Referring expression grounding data

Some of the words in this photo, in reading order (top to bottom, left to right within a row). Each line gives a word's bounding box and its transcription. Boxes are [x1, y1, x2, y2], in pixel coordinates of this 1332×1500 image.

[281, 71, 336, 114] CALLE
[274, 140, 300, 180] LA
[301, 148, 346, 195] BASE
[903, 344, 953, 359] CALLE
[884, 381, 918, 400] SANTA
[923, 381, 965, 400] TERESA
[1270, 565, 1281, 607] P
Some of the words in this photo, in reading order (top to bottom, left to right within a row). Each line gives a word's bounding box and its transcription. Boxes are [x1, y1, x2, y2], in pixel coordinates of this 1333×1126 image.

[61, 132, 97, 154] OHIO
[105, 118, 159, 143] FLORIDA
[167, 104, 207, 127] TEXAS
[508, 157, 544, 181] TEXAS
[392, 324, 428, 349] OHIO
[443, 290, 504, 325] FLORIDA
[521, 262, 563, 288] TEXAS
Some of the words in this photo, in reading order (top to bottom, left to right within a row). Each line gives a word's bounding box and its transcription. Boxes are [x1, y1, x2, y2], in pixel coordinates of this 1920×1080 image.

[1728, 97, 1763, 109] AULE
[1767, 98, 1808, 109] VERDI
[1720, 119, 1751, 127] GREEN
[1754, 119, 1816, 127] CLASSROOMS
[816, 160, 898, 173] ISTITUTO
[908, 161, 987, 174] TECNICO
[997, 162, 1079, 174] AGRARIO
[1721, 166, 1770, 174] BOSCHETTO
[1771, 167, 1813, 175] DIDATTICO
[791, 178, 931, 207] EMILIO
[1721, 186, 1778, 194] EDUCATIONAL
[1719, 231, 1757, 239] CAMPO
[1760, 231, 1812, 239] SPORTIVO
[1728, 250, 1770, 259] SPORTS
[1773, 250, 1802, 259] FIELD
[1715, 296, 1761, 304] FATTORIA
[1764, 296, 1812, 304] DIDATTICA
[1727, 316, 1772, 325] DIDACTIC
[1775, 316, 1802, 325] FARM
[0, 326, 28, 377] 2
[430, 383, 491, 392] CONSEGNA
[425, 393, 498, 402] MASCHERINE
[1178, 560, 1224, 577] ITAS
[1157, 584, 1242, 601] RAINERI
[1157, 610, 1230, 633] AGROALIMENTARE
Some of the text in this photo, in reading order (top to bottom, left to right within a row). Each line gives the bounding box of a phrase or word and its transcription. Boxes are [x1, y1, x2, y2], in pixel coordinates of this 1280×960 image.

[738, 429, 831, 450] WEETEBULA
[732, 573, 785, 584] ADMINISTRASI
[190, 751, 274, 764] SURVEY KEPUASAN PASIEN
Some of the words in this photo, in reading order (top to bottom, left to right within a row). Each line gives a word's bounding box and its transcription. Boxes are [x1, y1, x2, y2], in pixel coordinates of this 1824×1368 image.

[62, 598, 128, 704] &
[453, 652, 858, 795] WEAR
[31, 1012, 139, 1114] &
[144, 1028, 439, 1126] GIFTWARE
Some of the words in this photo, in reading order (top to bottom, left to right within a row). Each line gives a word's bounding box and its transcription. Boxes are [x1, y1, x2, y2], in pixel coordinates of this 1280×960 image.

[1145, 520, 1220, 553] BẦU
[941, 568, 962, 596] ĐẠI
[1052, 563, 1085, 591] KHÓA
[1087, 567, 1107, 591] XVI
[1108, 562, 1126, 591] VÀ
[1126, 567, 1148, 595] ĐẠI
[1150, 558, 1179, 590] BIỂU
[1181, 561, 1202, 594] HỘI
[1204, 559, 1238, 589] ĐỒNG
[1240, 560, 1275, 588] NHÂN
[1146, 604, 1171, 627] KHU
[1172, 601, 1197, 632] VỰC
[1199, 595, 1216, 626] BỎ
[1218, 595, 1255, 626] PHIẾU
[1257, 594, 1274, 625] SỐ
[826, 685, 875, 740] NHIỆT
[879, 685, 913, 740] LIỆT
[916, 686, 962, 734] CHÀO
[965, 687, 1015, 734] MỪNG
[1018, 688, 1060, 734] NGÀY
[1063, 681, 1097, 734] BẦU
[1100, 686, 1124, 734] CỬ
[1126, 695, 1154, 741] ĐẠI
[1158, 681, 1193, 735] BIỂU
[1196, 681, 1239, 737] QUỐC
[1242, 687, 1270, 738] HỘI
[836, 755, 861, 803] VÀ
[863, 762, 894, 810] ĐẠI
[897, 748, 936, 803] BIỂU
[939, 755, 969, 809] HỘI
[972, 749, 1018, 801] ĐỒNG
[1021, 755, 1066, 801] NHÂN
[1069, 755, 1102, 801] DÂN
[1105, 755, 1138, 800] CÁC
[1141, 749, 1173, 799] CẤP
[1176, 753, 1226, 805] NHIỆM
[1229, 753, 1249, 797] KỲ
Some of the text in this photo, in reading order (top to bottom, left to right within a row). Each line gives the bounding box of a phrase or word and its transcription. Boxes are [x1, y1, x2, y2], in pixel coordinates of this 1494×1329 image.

Task item
Quote all of the entries exactly as they appear.

Reply
Some of the words in this photo, in reading order (top to bottom, left to right within a row). Each line gives a word's bounding box and its transcription. Boxes are [x1, y1, x2, y2], in pixel coordinates of this 1332×1500 image.

[281, 71, 336, 114] CALLE
[274, 140, 300, 180] LA
[301, 148, 346, 195] BASE
[903, 344, 953, 359] CALLE
[884, 381, 918, 400] SANTA
[923, 381, 965, 400] TERESA
[1270, 565, 1281, 607] P
Some of the words in this photo, in reading order (top to bottom, left to right within a row). Each line gives a word's bounding box and its transcription. Boxes are [x1, y1, x2, y2], in pixel coordinates of this 1333×1126 image.

[61, 132, 97, 154] OHIO
[105, 118, 159, 143] FLORIDA
[167, 104, 207, 127] TEXAS
[508, 157, 544, 181] TEXAS
[392, 324, 428, 349] OHIO
[443, 290, 504, 325] FLORIDA
[521, 262, 563, 288] TEXAS
Some of the words in this photo, in reading order (top to bottom, left to right within a row). Each line gives a word's bounding box and its transcription. Boxes are [x1, y1, x2, y2], in pixel coordinates of this 1920×1080 image.

[1728, 97, 1763, 109] AULE
[1767, 98, 1808, 109] VERDI
[1720, 119, 1751, 127] GREEN
[1754, 119, 1816, 127] CLASSROOMS
[816, 160, 898, 173] ISTITUTO
[908, 161, 987, 174] TECNICO
[997, 162, 1079, 174] AGRARIO
[1721, 166, 1770, 174] BOSCHETTO
[1771, 167, 1813, 175] DIDATTICO
[791, 178, 931, 207] EMILIO
[1721, 186, 1778, 194] EDUCATIONAL
[1719, 231, 1757, 239] CAMPO
[1760, 231, 1812, 239] SPORTIVO
[1728, 250, 1770, 259] SPORTS
[1773, 250, 1802, 259] FIELD
[1715, 296, 1761, 304] FATTORIA
[1764, 296, 1812, 304] DIDATTICA
[1727, 316, 1772, 325] DIDACTIC
[1775, 316, 1802, 325] FARM
[0, 326, 28, 377] 2
[430, 383, 491, 392] CONSEGNA
[425, 393, 498, 402] MASCHERINE
[1178, 560, 1224, 577] ITAS
[1157, 584, 1242, 601] RAINERI
[1157, 610, 1230, 633] AGROALIMENTARE
Some of the text in this photo, in reading order (top to bottom, left to right within a row). Each line gives the bounding box of a phrase or word and its transcription. Boxes are [x1, y1, x2, y2], in pixel coordinates of this 1280×960 image.

[738, 429, 831, 450] WEETEBULA
[732, 573, 785, 584] ADMINISTRASI
[190, 751, 274, 764] SURVEY KEPUASAN PASIEN
Some of the words in this photo, in reading order (top to bottom, left to right within a row). Each line gives a word's bounding box and its transcription. Boxes are [x1, y1, x2, y2], in pixel coordinates of this 1824×1368 image.

[62, 598, 128, 704] &
[453, 652, 858, 795] WEAR
[31, 1012, 139, 1114] &
[144, 1028, 439, 1126] GIFTWARE
Some of the words in this photo, in reading order (top to bottom, left to right within a row). Each line gives a word's bounding box and its transcription. Boxes are [x1, y1, x2, y2], in pixel coordinates of this 1280×960 image.

[1145, 520, 1220, 553] BẦU
[941, 568, 962, 596] ĐẠI
[1052, 563, 1085, 591] KHÓA
[1087, 567, 1107, 591] XVI
[1108, 562, 1126, 591] VÀ
[1126, 567, 1148, 595] ĐẠI
[1150, 558, 1179, 590] BIỂU
[1181, 561, 1202, 594] HỘI
[1204, 559, 1238, 589] ĐỒNG
[1240, 560, 1275, 588] NHÂN
[1146, 604, 1171, 627] KHU
[1172, 601, 1197, 632] VỰC
[1199, 595, 1216, 626] BỎ
[1218, 595, 1255, 626] PHIẾU
[1257, 594, 1274, 625] SỐ
[826, 685, 875, 740] NHIỆT
[879, 685, 913, 740] LIỆT
[916, 686, 962, 734] CHÀO
[965, 687, 1015, 734] MỪNG
[1018, 688, 1060, 734] NGÀY
[1063, 681, 1097, 734] BẦU
[1100, 686, 1124, 734] CỬ
[1126, 695, 1154, 741] ĐẠI
[1158, 681, 1193, 735] BIỂU
[1196, 681, 1239, 737] QUỐC
[1242, 687, 1270, 738] HỘI
[836, 755, 861, 803] VÀ
[863, 762, 894, 810] ĐẠI
[897, 748, 936, 803] BIỂU
[939, 755, 969, 809] HỘI
[972, 749, 1018, 801] ĐỒNG
[1021, 755, 1066, 801] NHÂN
[1069, 755, 1102, 801] DÂN
[1105, 755, 1138, 800] CÁC
[1141, 749, 1173, 799] CẤP
[1176, 753, 1226, 805] NHIỆM
[1229, 753, 1249, 797] KỲ
Some of the text in this photo, in reading order (top to bottom, left to right within a row). Each line gives the bounding box of a phrase or word and its transcription. Boxes are [x1, y1, x2, y2], in pixel coordinates of this 1494×1329 image.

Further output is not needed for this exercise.